Luanda, 13 juin (RHC) – La Ligue angolaise de l’amitié, de la solidarité et de la paix (LASP) a condamné les récentes agressions américaines contre Cuba et a exigé le respect de ce pays, selon un communiqué obtenu aujourd’hui par Prensa Latina.
La LASP a également rejeté les mesures américaines prises contre l’Institut cubain de l’amitié avec les peuples (ICAP), une institution qu’elle considère comme un bastion important de la solidarité internationale.
Le communiqué indique que l’organisation angolaise se joint à ceux qui « répudient avec véhémence le complot américain contre Cuba, et à ceux qui condamnent le blocus et les sanctions fondés sur l’argument ignoble selon lequel cette nation caribéenne serait un État terroriste ».

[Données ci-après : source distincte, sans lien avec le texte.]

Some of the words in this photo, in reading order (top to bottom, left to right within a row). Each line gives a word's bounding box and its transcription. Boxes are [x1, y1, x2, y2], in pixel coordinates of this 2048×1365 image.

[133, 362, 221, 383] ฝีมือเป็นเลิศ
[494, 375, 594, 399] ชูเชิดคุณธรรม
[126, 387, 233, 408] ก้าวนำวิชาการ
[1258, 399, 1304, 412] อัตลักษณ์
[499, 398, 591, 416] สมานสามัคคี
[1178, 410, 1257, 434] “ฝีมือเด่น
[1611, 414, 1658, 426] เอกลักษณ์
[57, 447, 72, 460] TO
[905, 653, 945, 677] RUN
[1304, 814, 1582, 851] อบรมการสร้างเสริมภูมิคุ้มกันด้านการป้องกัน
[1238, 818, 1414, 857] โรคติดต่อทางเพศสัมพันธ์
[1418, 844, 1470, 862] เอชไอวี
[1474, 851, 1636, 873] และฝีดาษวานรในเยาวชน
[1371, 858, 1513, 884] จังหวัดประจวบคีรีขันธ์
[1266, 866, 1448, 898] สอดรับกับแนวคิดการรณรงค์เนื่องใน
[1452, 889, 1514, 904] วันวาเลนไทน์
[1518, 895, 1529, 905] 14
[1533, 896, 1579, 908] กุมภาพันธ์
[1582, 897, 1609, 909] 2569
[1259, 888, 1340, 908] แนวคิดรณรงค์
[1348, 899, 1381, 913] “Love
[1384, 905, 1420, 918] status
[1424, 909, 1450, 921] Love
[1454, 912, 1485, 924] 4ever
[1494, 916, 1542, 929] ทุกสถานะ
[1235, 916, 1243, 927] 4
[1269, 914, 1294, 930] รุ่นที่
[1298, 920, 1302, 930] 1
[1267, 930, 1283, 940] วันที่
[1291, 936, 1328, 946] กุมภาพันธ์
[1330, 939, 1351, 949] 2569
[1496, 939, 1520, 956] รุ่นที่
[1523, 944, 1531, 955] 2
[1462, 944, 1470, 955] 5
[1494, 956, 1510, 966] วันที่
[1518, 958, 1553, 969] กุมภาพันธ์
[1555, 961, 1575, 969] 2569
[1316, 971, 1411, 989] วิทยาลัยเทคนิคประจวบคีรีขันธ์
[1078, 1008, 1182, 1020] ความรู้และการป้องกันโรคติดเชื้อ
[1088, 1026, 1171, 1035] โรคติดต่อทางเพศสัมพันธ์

À cet égard, elle affirme que c’est l’île qui a été victime du chaos, du terrorisme et de la barbarie américaine au fil des ans.
Le communiqué critique la classification de l’ICAP comme menace terroriste ou comme ayant des implications négatives, étant donné qu’il s’agit d’une institution avec laquelle le LAASP entretient des relations étroites et indéfectibles d’amitié, de solidarité et de paix.
« Le LAASP exige le respect de Cuba, de la dignité essentielle du peuple cubain et de l’ICAP, institution que nous considérons comme un patrimoine immatériel de solidarité commune pour toute l’humanité », conclut le communiqué.
Le 1er mai, le président américain Donald Trump a signé un décret imposant des sanctions aux responsables de la répression à Cuba et des menaces à la sécurité nationale et à la politique étrangère des États-Unis.
En vertu de ce document, le 4 juin, l’ICAP a été désignée parmi les entités cubaines sanctionnées, sous prétexte d’« être une subdivision politique, une agence ou un organe du gouvernement cubain (…) qui soutient les activités de renseignement et de contre-espionnage cubaines ».
Selon le décret, toute personne interagissant avec les individus ou institutions désignés sur l’île s’expose à des sanctions américaines.
Cela marque une escalade de la guerre économique déjà menée contre ce pays caribéen, qui subit un blocus économique, commercial et financier depuis plus de 60 ans, auquel s’ajoutent plus de 240 mesures coercitives unilatérales et un embargo pétrolier imposé sur ses exportations depuis le 29 janvier.